Carnegie Mellon University is a private, global research university that stands among the world’s most renowned education institutions. With ground-breaking brain science, path-breaking performances, creative start-ups, big data, big ambitions, hands-on learning, and a whole lot of robots, CMU doesn’t imagine the future, we invent it. If you’re passionate about joining a community that challenges the curious to deliver work that matters, your journey starts here!

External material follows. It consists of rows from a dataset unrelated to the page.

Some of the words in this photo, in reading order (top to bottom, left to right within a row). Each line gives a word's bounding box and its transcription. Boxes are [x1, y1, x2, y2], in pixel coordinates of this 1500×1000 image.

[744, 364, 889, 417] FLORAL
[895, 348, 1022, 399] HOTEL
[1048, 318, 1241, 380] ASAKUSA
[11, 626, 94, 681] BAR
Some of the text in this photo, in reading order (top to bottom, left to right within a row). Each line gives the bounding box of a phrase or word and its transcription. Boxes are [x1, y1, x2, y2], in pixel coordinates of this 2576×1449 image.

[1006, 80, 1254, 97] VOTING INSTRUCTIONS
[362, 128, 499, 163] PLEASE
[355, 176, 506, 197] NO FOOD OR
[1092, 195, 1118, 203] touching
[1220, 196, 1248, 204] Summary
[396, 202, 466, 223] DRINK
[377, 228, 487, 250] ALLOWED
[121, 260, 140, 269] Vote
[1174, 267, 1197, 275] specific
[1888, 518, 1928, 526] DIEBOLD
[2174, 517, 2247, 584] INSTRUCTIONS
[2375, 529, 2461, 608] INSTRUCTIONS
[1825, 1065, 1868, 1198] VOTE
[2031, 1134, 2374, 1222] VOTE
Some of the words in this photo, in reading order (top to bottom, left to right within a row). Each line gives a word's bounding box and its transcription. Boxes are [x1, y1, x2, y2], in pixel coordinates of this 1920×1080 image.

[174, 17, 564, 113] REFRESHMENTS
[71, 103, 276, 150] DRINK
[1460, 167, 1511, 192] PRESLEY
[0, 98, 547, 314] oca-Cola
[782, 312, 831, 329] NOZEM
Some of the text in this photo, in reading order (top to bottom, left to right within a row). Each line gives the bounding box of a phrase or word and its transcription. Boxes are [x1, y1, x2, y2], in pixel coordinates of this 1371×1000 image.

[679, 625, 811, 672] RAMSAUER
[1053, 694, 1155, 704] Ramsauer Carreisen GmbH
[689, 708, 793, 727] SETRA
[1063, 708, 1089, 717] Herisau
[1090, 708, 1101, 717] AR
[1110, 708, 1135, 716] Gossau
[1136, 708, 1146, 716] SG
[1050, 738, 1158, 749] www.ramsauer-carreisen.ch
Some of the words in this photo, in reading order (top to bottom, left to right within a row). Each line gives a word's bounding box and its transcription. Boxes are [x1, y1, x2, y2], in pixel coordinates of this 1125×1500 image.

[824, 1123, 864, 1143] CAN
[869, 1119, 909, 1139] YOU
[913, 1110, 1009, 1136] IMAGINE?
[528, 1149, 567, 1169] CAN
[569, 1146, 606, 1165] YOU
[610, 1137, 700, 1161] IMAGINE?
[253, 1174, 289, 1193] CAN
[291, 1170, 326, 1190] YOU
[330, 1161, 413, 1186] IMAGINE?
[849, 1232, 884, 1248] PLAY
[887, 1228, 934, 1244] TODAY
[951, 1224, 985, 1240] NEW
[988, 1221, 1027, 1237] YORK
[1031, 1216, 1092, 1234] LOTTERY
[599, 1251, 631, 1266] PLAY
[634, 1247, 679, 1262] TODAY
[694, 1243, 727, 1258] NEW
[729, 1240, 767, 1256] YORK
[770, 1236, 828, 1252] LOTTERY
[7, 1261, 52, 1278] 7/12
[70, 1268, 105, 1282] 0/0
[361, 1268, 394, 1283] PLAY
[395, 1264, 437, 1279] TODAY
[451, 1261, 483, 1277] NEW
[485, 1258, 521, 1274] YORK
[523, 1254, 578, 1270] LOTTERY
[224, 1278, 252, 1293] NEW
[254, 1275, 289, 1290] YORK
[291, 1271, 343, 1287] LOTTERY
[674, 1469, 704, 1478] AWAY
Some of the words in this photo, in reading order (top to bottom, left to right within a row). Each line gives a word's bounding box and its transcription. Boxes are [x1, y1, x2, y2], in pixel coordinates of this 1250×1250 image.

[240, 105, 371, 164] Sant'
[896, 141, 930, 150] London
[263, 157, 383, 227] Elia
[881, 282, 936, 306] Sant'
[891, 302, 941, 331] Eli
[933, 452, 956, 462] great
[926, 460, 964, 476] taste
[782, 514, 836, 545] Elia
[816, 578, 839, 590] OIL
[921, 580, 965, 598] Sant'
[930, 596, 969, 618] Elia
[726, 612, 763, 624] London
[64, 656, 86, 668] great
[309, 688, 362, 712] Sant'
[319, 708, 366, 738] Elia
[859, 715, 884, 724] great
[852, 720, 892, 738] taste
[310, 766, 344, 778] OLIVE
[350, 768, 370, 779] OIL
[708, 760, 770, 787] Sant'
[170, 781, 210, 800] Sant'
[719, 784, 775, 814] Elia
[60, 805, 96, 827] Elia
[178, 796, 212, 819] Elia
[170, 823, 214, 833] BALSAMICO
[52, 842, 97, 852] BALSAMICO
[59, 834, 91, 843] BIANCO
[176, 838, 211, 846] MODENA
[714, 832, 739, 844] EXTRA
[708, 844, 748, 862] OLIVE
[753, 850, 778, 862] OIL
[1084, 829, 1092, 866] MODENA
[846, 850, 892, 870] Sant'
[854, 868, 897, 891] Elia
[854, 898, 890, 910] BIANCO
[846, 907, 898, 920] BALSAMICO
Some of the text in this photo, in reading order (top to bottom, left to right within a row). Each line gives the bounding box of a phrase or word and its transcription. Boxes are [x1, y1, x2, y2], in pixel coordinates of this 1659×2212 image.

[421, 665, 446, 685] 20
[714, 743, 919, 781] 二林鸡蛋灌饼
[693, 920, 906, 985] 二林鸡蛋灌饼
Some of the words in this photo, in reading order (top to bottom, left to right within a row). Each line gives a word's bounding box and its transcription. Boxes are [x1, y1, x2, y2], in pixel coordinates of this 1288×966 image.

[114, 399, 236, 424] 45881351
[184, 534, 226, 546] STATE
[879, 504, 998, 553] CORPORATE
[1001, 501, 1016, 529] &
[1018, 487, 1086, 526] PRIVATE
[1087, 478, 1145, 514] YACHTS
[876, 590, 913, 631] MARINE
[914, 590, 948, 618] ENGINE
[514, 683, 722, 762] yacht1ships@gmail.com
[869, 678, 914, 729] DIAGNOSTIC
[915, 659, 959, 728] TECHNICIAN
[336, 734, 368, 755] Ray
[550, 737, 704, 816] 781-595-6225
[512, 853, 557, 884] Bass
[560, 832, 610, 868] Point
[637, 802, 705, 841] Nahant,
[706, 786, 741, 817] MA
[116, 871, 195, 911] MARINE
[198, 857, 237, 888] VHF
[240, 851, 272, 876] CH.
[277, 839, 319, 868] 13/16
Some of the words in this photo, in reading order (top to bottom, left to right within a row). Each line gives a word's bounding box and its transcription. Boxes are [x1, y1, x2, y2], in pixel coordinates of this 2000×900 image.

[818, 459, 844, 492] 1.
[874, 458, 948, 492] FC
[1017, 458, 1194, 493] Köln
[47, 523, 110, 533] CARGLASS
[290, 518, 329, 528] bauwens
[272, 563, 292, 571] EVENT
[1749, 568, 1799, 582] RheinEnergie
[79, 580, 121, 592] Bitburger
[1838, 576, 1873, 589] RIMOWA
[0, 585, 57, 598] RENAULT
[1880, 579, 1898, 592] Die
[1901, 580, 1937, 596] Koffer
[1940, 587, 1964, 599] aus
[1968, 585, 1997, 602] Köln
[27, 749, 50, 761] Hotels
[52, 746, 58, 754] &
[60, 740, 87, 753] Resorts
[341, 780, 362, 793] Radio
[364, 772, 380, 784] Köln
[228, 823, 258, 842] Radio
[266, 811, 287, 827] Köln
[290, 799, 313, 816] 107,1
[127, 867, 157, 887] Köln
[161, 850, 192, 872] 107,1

The Pittsburgh Supercomputing Center (PSC) a joint research center of Carnegie Mellon University and the University of Pittsburgh, was established in 1986, and for over 30 years has provided university, government, and industrial researchers with access to several of the most powerful systems for advanced computational research, communications, and data storage available to scientists, engineers and scholars nationwide for unclassified research. PSC advances science across a wide spectrum of fields, including artificial intelligence / machine learning, medical imaging, weather modeling, cell biology, and genomics.

PSC is seeking creative and capable individuals to join our highly experienced Advanced Systems and Operations team as our new Cyber Infrastructure Engineer.  The successful candidate will collaborate with the research community and key IT staff to create robust solutions by designing and implementing next-generation infrastructure. They will be responsible for planning and managing automations while also maintaining the current PSC resources. This is an exciting opportunity to join a growing team at the nexus of technology, research, and software development dedicated to helping the scientific community solve challenging and complex problems.

The Advanced Systems and Operations group within PSC is responsible for the integration and operations of computational assets central to this pursuit. We are looking for creative and capable individuals to join an experienced team and continue our part in pushing forward the boundaries of science.

Core Responsibilities:

  • Conceives, designs, implements, administers, optimizes, and monitors existing and future HPC systems and the cyber infrastructure that supports them.
  • Collaborate with research teams and head technology responsibilities for grant implementation.
  • Build relationships with research community and external vendors.
  • Assess and provide advanced technical support to research community for ongoing and future systems and/or application needs.
  • Contribute to best practices, documentation, and published papers.
  • Proactive and reactive performance analysis, monitoring, troubleshooting and resolution of issues.
  • Engineer tools and automations to assist with maintenance tasks.
  • Research and explore next-generation technologies for future implementation.
  • Perform operating system software upgrades, deployments and troubleshooting of the project servers and desktop workstations.
  • Other related duties as assigned.

Adaptability, excellence, and passion are vital qualities within Carnegie Mellon University.  We are in search of a team member who can effectively interact with a varied population of internal and external partners at a high level of integrity. We are looking for someone who shares our values and who will support the mission of the university through their work.

Qualifications:

  • Bachelor’s degree or equivalent experience
  • Experience with Linux systems administration
  • Experience with file system administration.
  • Experience with network switching and routing.
  • Experience with scripting languages (e.g. Python, BASH)
  • Desire to teach, learn and lead for continuing team development.
  • A combination of education and relevant experience from which comparable knowledge is demonstrated may be considered.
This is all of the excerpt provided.